• **What is expected**:
Go through the entries below and pick out every line with "Tenders".

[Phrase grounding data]
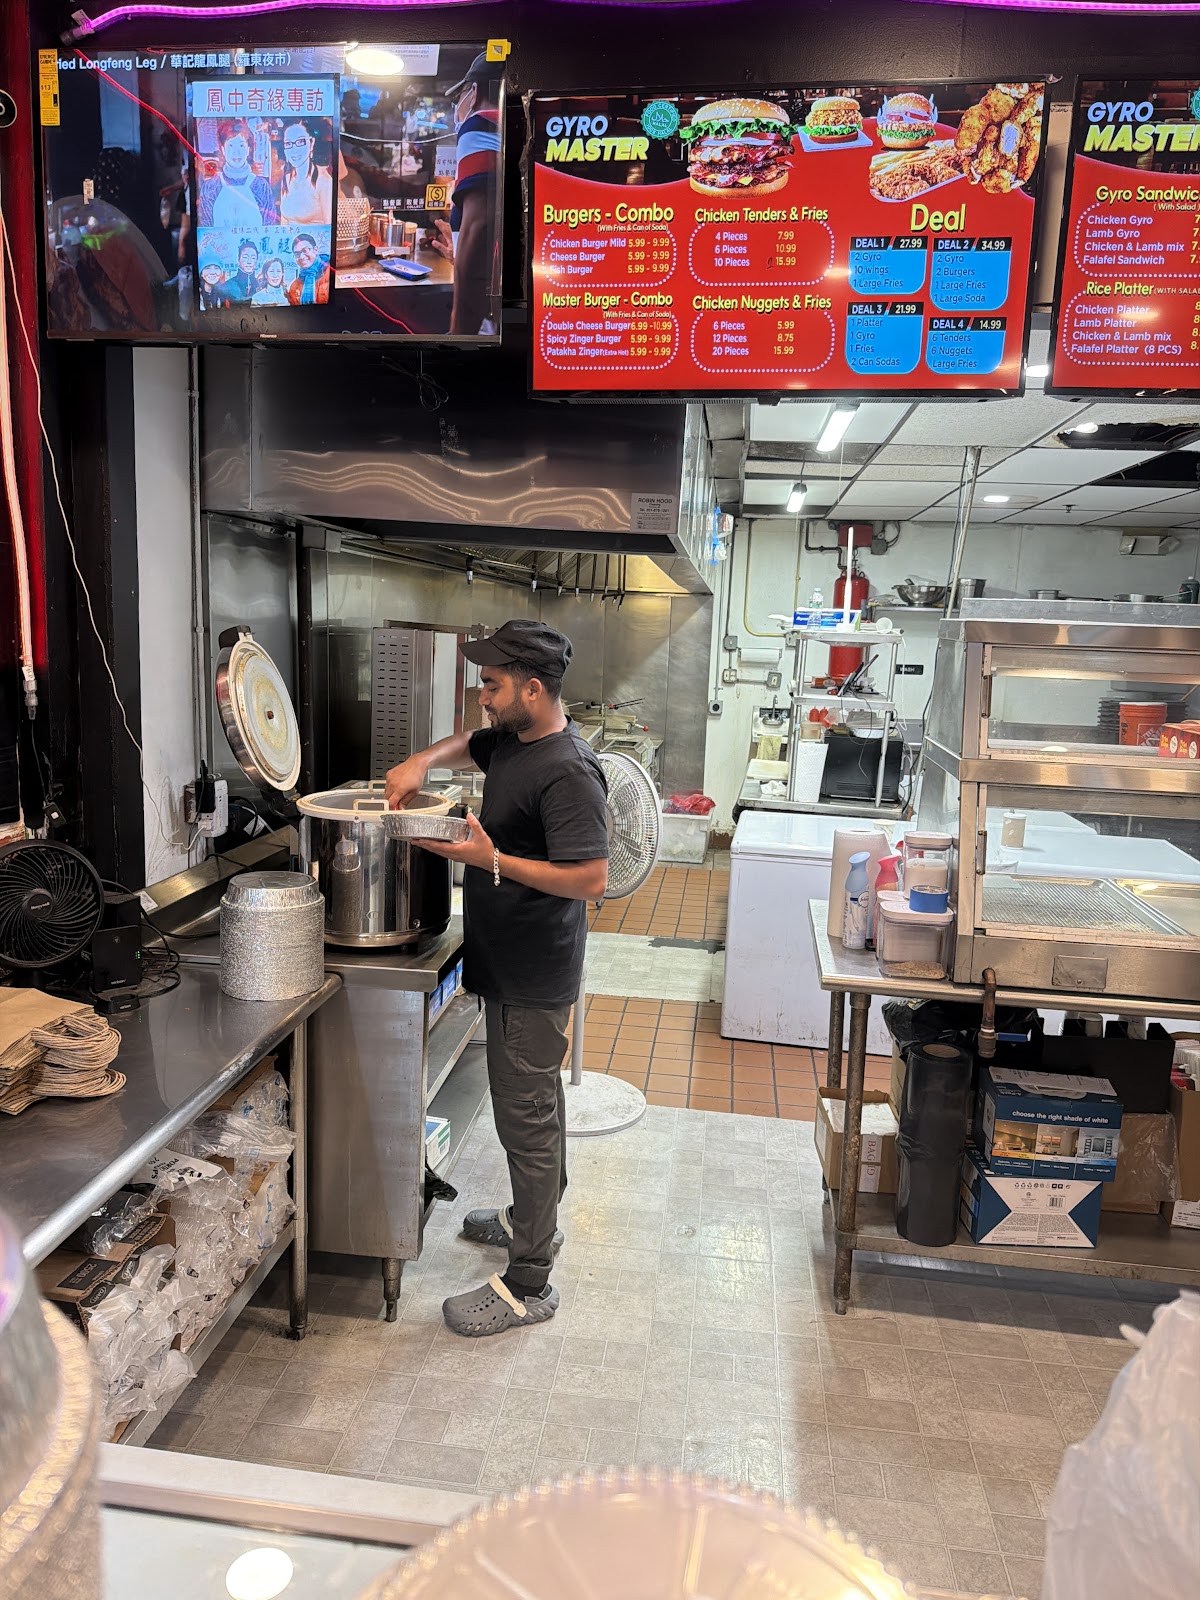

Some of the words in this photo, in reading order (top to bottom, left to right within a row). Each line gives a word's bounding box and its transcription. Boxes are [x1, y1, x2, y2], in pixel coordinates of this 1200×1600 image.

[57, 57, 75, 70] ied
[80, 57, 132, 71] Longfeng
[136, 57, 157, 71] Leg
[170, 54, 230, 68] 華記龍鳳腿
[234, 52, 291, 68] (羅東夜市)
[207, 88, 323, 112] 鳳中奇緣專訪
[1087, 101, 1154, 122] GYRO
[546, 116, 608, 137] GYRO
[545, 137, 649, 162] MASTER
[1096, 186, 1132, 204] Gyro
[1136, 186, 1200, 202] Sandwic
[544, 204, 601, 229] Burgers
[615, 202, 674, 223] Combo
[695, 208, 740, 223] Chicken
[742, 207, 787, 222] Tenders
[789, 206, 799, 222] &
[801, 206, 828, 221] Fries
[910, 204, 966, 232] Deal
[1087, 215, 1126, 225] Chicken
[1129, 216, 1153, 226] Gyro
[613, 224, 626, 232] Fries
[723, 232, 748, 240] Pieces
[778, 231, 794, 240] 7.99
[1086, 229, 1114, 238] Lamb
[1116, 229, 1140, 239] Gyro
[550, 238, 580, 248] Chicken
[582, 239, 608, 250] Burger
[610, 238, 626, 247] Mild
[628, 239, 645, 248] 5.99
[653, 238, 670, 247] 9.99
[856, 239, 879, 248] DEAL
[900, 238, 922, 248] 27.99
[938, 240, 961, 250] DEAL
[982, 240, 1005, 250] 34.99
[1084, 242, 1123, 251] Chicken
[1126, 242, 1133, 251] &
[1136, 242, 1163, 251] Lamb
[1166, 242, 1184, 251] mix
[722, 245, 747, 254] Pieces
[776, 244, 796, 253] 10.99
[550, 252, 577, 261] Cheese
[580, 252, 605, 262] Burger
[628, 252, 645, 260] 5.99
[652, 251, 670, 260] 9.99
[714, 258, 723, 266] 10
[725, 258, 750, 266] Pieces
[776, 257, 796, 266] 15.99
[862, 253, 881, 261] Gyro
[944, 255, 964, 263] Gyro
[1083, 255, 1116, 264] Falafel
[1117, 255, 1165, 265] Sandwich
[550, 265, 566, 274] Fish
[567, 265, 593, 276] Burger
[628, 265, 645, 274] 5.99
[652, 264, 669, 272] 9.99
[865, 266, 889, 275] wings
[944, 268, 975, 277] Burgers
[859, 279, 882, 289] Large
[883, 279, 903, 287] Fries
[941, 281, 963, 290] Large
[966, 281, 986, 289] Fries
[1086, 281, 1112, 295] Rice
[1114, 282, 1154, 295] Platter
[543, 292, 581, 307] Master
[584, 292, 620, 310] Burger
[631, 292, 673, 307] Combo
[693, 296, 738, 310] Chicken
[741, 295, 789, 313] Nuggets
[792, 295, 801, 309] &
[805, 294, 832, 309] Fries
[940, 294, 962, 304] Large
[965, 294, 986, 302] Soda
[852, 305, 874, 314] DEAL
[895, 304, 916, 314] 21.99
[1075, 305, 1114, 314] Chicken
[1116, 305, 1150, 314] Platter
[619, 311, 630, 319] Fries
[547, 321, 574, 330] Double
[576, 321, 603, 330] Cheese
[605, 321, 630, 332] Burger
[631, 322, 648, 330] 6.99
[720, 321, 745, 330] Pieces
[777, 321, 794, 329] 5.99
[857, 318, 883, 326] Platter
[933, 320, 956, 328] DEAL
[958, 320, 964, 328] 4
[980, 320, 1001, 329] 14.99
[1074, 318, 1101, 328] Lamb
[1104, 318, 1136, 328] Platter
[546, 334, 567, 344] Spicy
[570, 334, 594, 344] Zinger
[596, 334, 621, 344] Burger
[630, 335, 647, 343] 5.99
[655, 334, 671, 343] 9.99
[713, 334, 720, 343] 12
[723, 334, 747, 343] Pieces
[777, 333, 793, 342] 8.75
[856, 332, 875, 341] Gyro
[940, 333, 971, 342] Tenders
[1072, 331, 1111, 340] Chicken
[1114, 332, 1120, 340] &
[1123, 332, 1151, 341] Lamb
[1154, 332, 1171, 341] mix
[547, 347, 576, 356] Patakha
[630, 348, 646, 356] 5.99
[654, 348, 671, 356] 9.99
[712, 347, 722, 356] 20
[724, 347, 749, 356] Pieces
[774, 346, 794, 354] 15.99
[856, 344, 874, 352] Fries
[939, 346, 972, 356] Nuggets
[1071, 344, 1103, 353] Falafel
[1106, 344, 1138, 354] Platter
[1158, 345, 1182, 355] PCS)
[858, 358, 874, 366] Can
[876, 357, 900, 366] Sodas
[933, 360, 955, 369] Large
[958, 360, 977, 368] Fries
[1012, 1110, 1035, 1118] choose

• **Response**:
[742, 207, 787, 222] Tenders
[940, 333, 971, 342] Tenders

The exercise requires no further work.